### [Task brief]
Without changing a word, return the listing below, minus its images.

### [Data for this task]
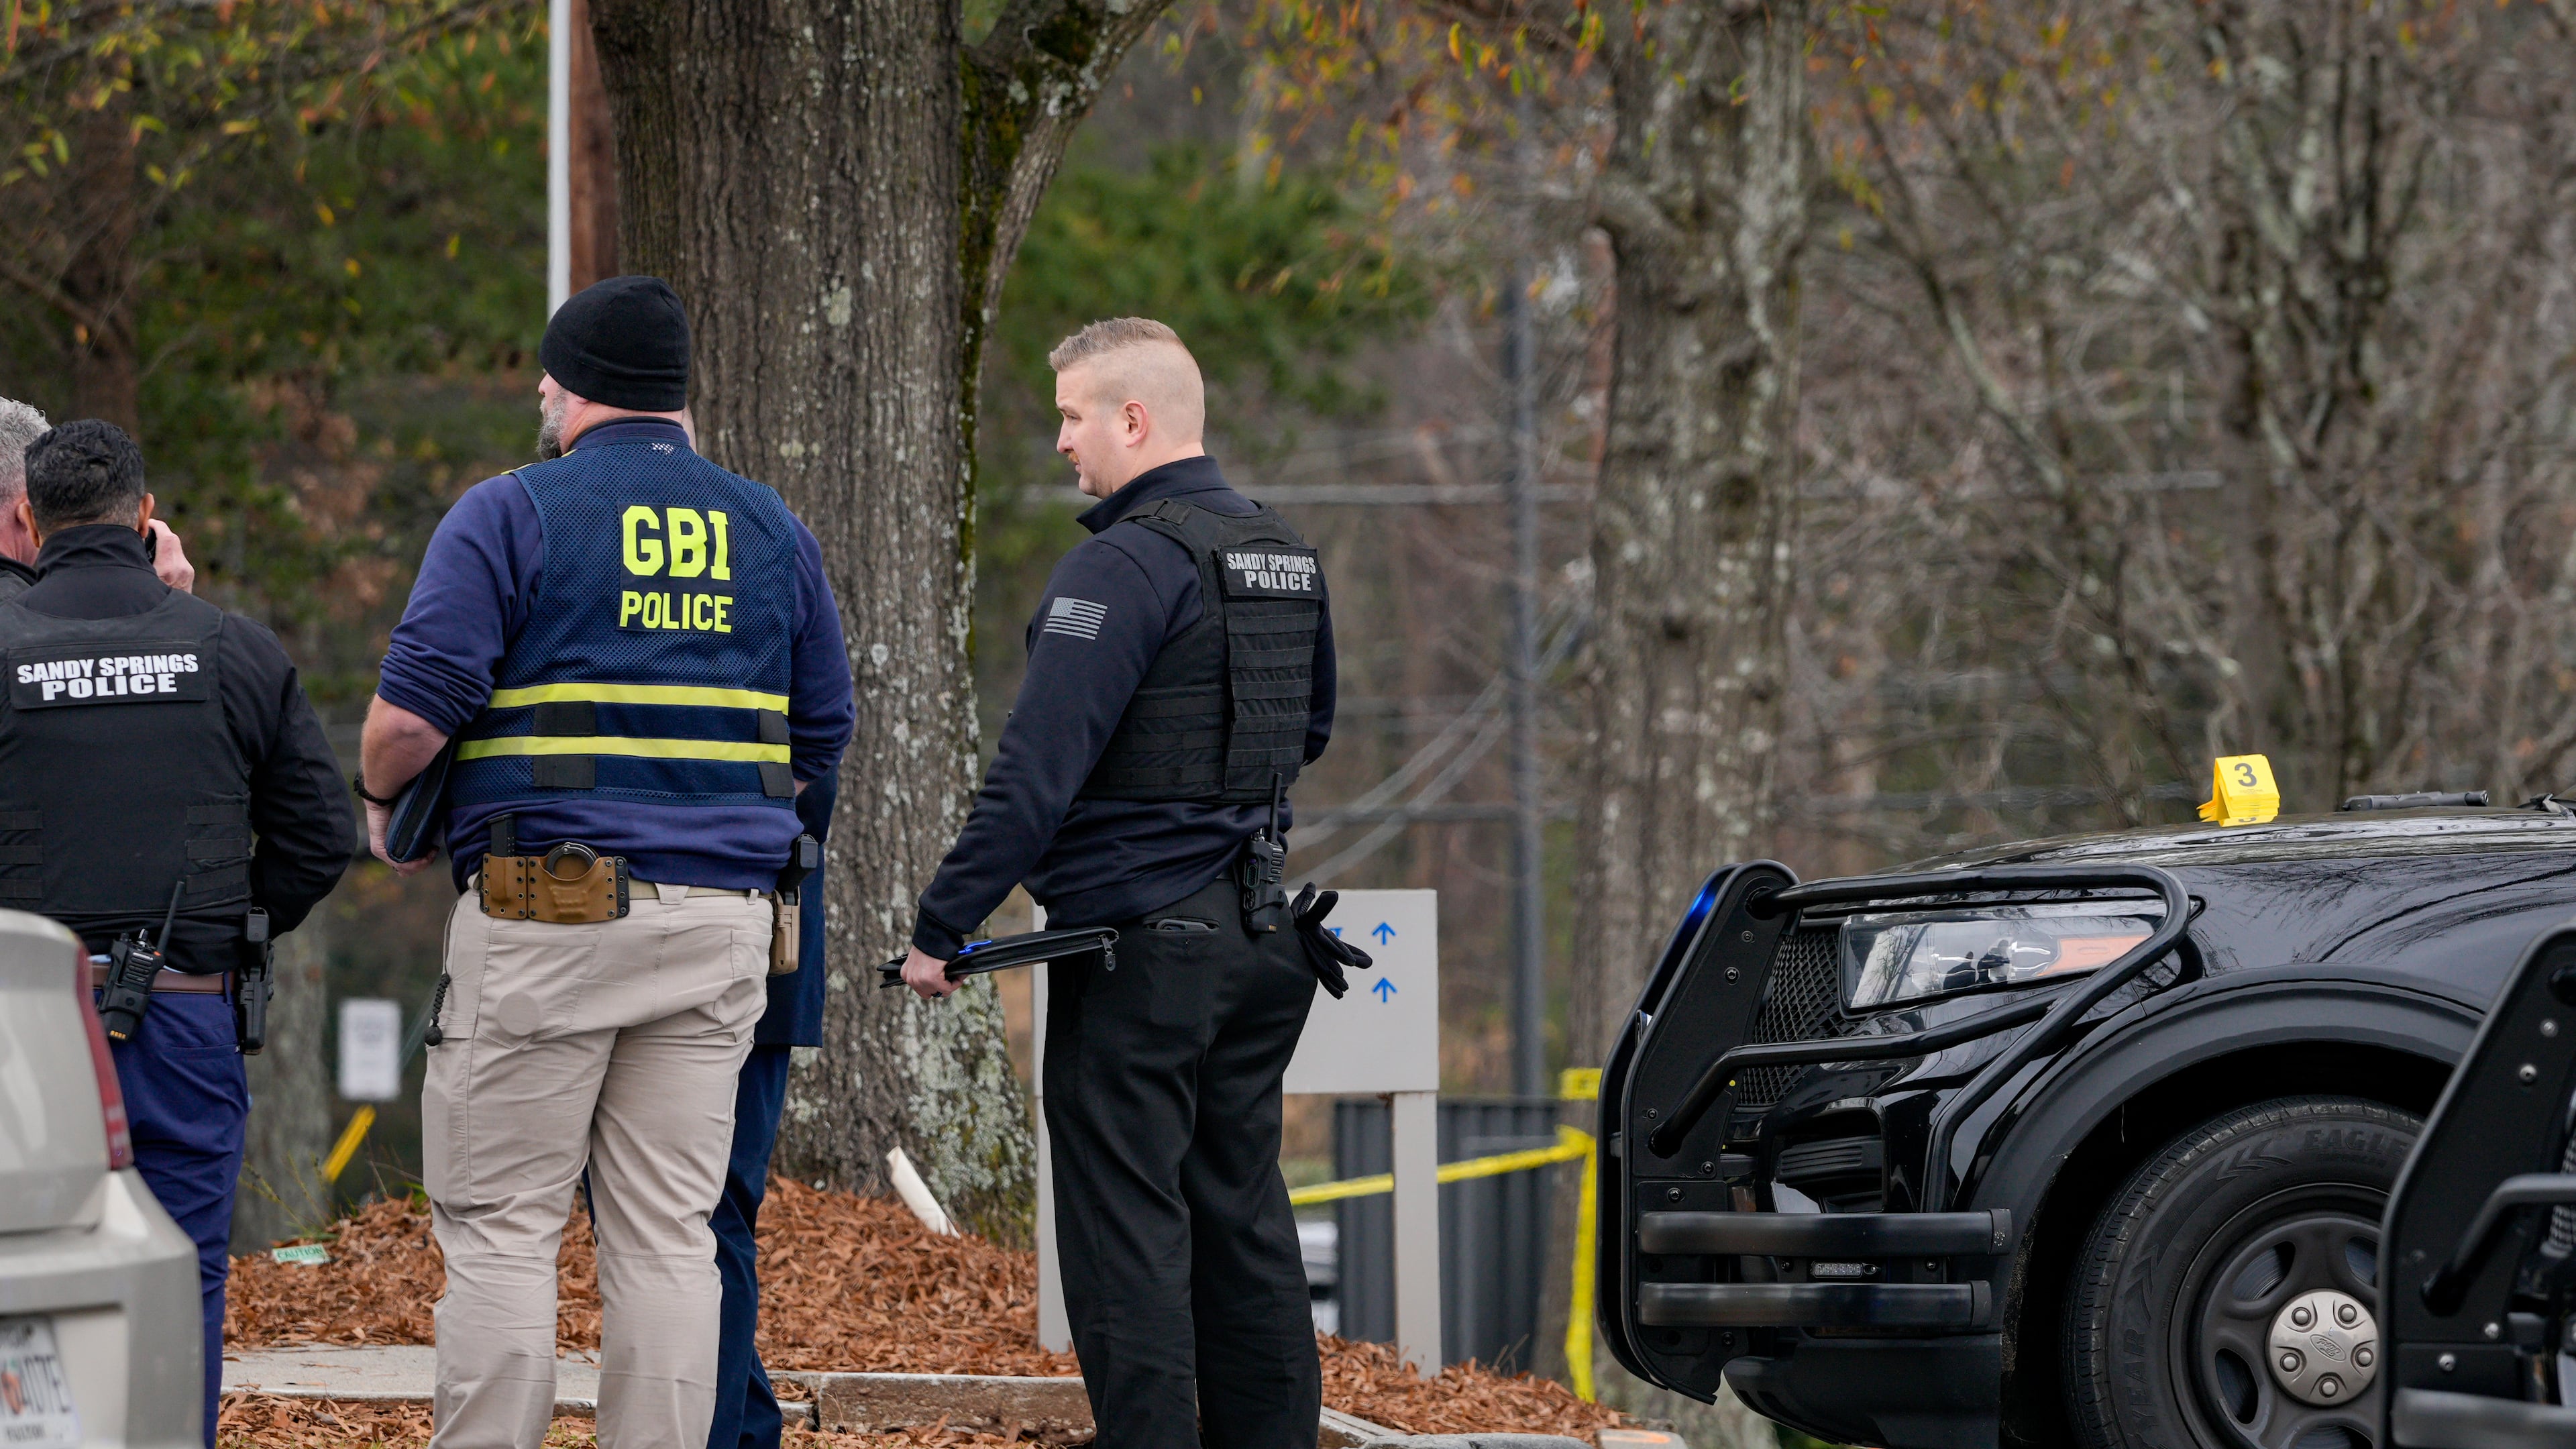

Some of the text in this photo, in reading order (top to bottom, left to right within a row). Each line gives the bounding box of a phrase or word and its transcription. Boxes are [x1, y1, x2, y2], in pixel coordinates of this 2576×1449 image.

[623, 505, 730, 580] GBI
[1226, 552, 1316, 574] SANDY SPRINGS
[1244, 571, 1311, 591] POLICE
[619, 590, 733, 633] POLICE
[17, 653, 199, 684] SANDY SPRINGS
[42, 673, 177, 701] POLICE
[2235, 763, 2257, 787] 3
[2303, 1129, 2410, 1159] EAGLE
[277, 1246, 322, 1258] CAUTION
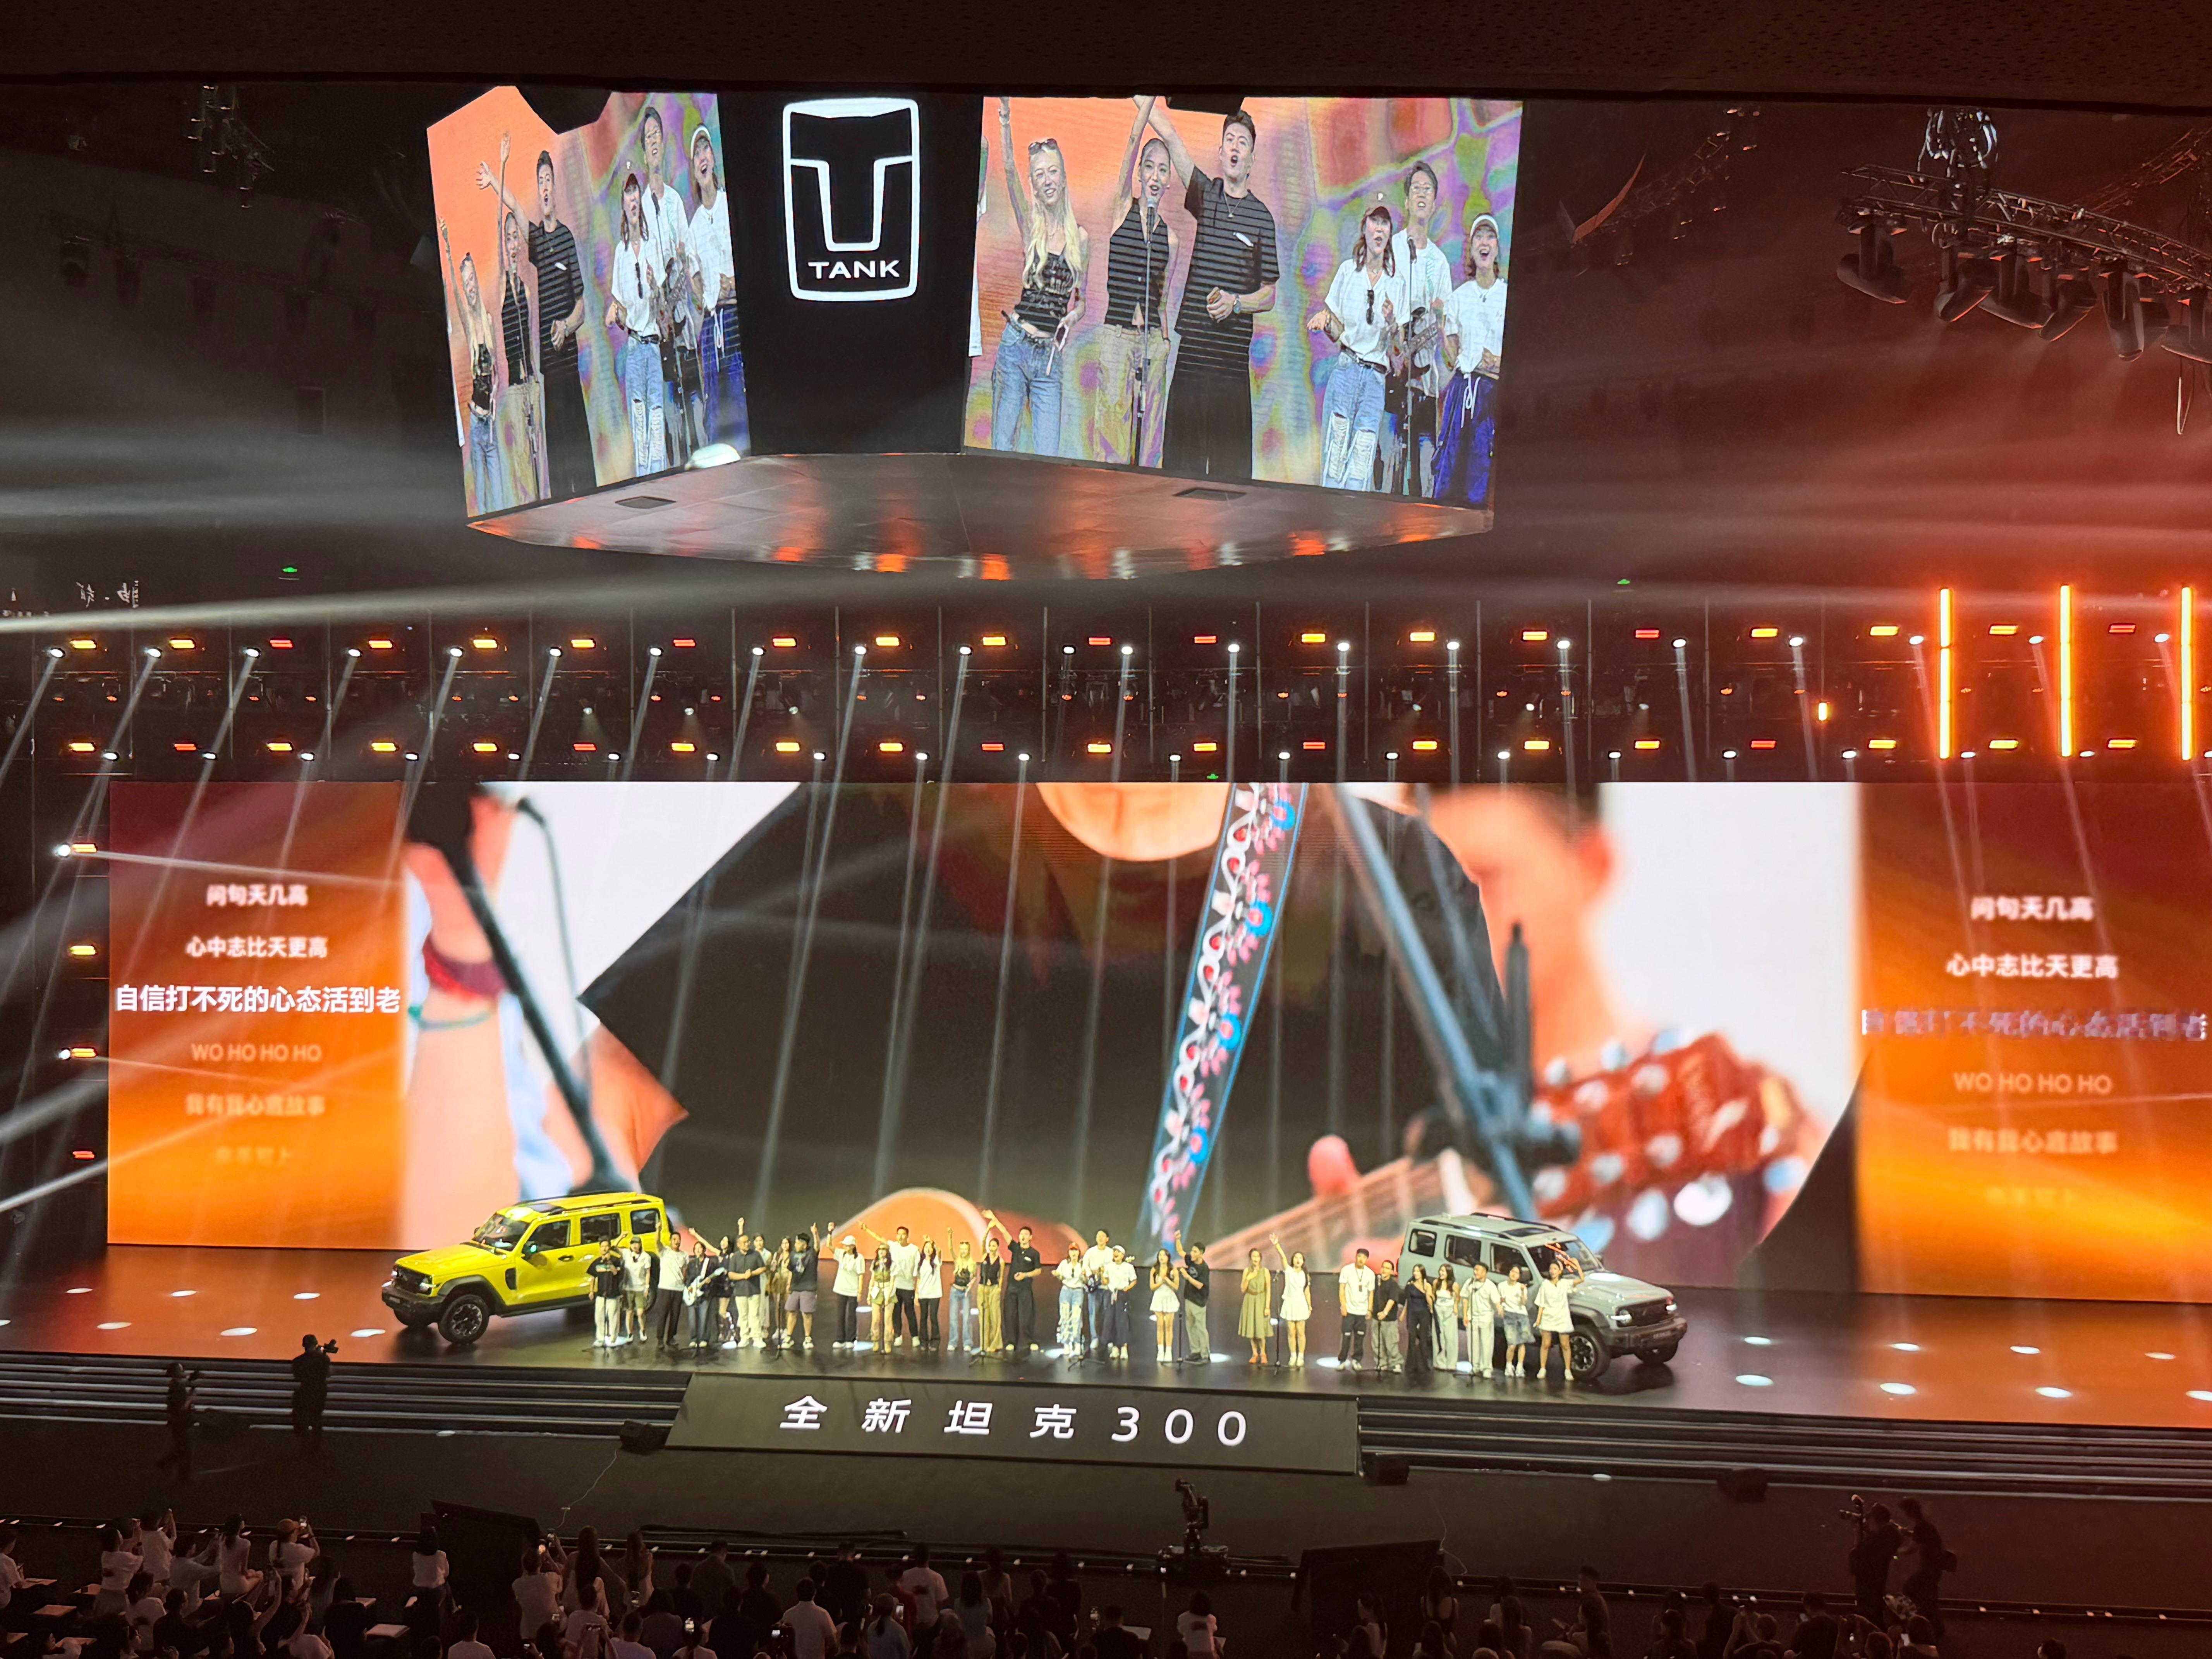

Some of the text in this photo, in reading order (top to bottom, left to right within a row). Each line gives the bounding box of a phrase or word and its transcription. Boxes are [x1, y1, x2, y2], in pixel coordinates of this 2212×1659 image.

[808, 260, 900, 279] TANK
[186, 935, 328, 958] 心中志比天更高
[1946, 953, 2119, 979] 心中志比天更高
[115, 984, 401, 1013] 自信打不死的心态活到老
[191, 1043, 323, 1063] WO HO HO HO
[1953, 1072, 2113, 1096] WO HO HO HO
[779, 1395, 1247, 1446] 全新坦克300

### [Task output]
Some of the text in this photo, in reading order (top to bottom, left to right within a row). Each line gives the bounding box of a phrase or word and its transcription. Boxes are [x1, y1, x2, y2], in pixel coordinates of this 2576×1449 image.

[623, 505, 730, 580] GBI
[1226, 552, 1316, 574] SANDY SPRINGS
[1244, 571, 1311, 591] POLICE
[619, 590, 733, 633] POLICE
[17, 653, 199, 684] SANDY SPRINGS
[42, 673, 177, 701] POLICE
[2235, 763, 2257, 787] 3
[2303, 1129, 2410, 1159] EAGLE
[277, 1246, 322, 1258] CAUTION

Some of the text in this photo, in reading order (top to bottom, left to right within a row). Each line gives the bounding box of a phrase or word and its transcription. Boxes are [x1, y1, x2, y2], in pixel coordinates of this 2212×1659 image.

[808, 260, 900, 279] TANK
[186, 935, 328, 958] 心中志比天更高
[1946, 953, 2119, 979] 心中志比天更高
[115, 984, 401, 1013] 自信打不死的心态活到老
[191, 1043, 323, 1063] WO HO HO HO
[1953, 1072, 2113, 1096] WO HO HO HO
[779, 1395, 1247, 1446] 全新坦克300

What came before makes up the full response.